The specification language also suggests to me that it may be valid to re-enter backoff for cases b-d even if backoff timer has a non-zero value.  However, I left the assert in DcfManager::StartBackoffNow () for now, and decided to wrap calls to this with a new EdcaTxopN() helper method that suppresses calls to start backoff again when it is running.
Comment 3 Tom Henderson 2016-09-15 16:20:39 EDT
Created attachment 2581 [details]
patch to fix

All tests pass except mesh PCAP-based tests which need to be regenerated.
Comment 4 Tom Henderson 2016-09-16 22:16:32 EDT
(In reply to Tom Henderson from comment #3)
> Created attachment 2581 [details]
> patch to fix
> 
> All tests pass except mesh PCAP-based tests which need to be regenerated.

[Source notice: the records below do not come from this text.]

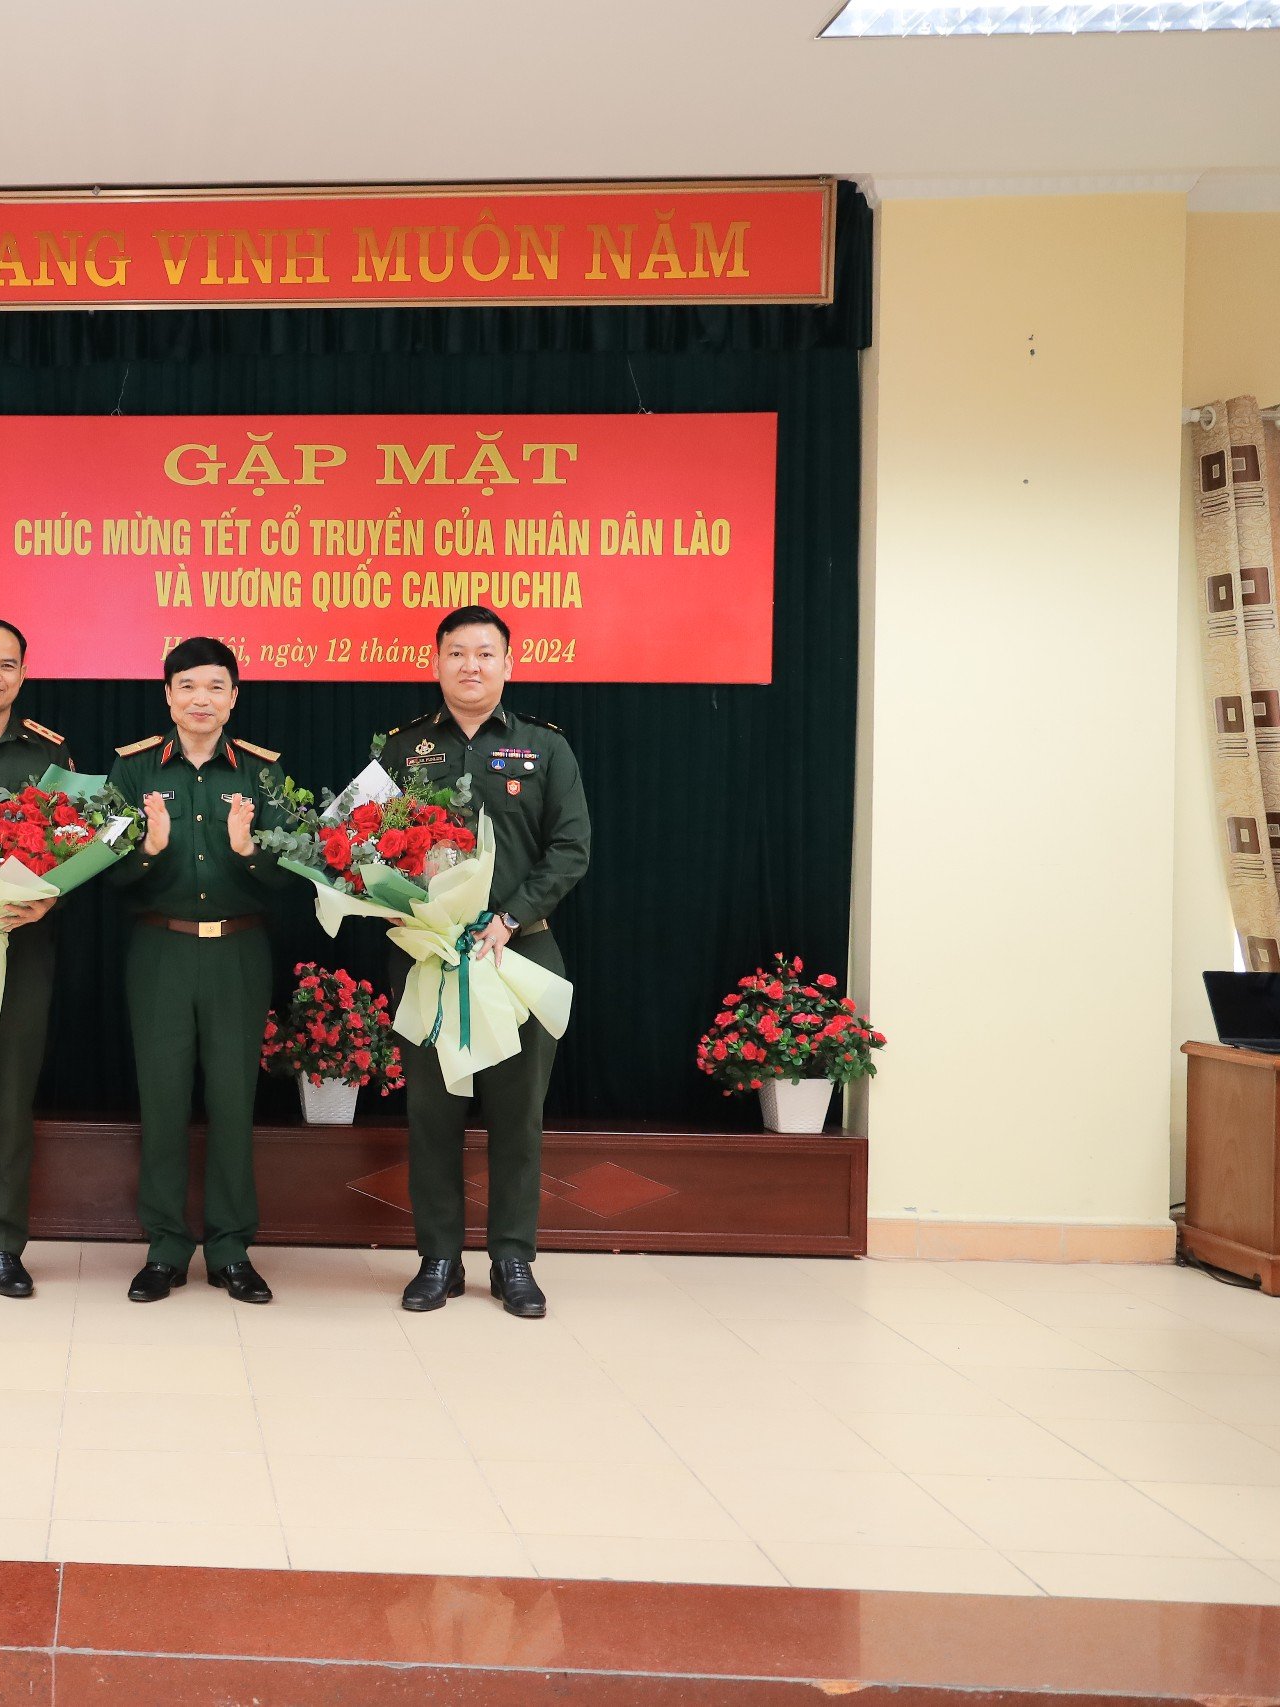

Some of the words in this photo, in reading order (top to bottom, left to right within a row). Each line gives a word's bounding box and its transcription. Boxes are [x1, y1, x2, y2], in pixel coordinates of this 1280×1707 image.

[152, 227, 332, 286] VINH
[351, 207, 563, 284] MUÔN
[583, 206, 751, 281] NĂM
[163, 431, 348, 497] GẶP
[375, 430, 579, 497] MẶT
[14, 508, 92, 556] CHÚC
[103, 508, 191, 557] MỪNG
[201, 506, 251, 557] TẾT
[260, 504, 301, 556] CỔ
[309, 508, 425, 557] TRUYỀN
[434, 506, 495, 557] CỦA
[504, 510, 591, 557] NHÂN
[600, 510, 664, 557] DÂN
[673, 508, 731, 557] LÀO
[155, 559, 193, 608] VÀ
[201, 568, 303, 609] VƯƠNG
[312, 557, 393, 613] QUỐC
[400, 570, 583, 610] CAMPUCHIA
[260, 636, 319, 668] ngày
[325, 638, 353, 663] 12
[360, 637, 432, 669] tháng
[519, 638, 577, 664] 2024

The mesh tests are failing due to more than timing differences.  It seems that the DCF/EDCA immediate access scenarios (broadcast collisions) are exacerbated by this (bug 2369).  Need to look again at 2369...
Comment 5 Tom Henderson 2016-09-28 00:22:38 EDT
It appears that the patch to 2369, which forces a backoff when the request to DcfManager occurs during AIFS, resolves this problem.  That patch was committed as changeset 12345:a94d790ef6e5.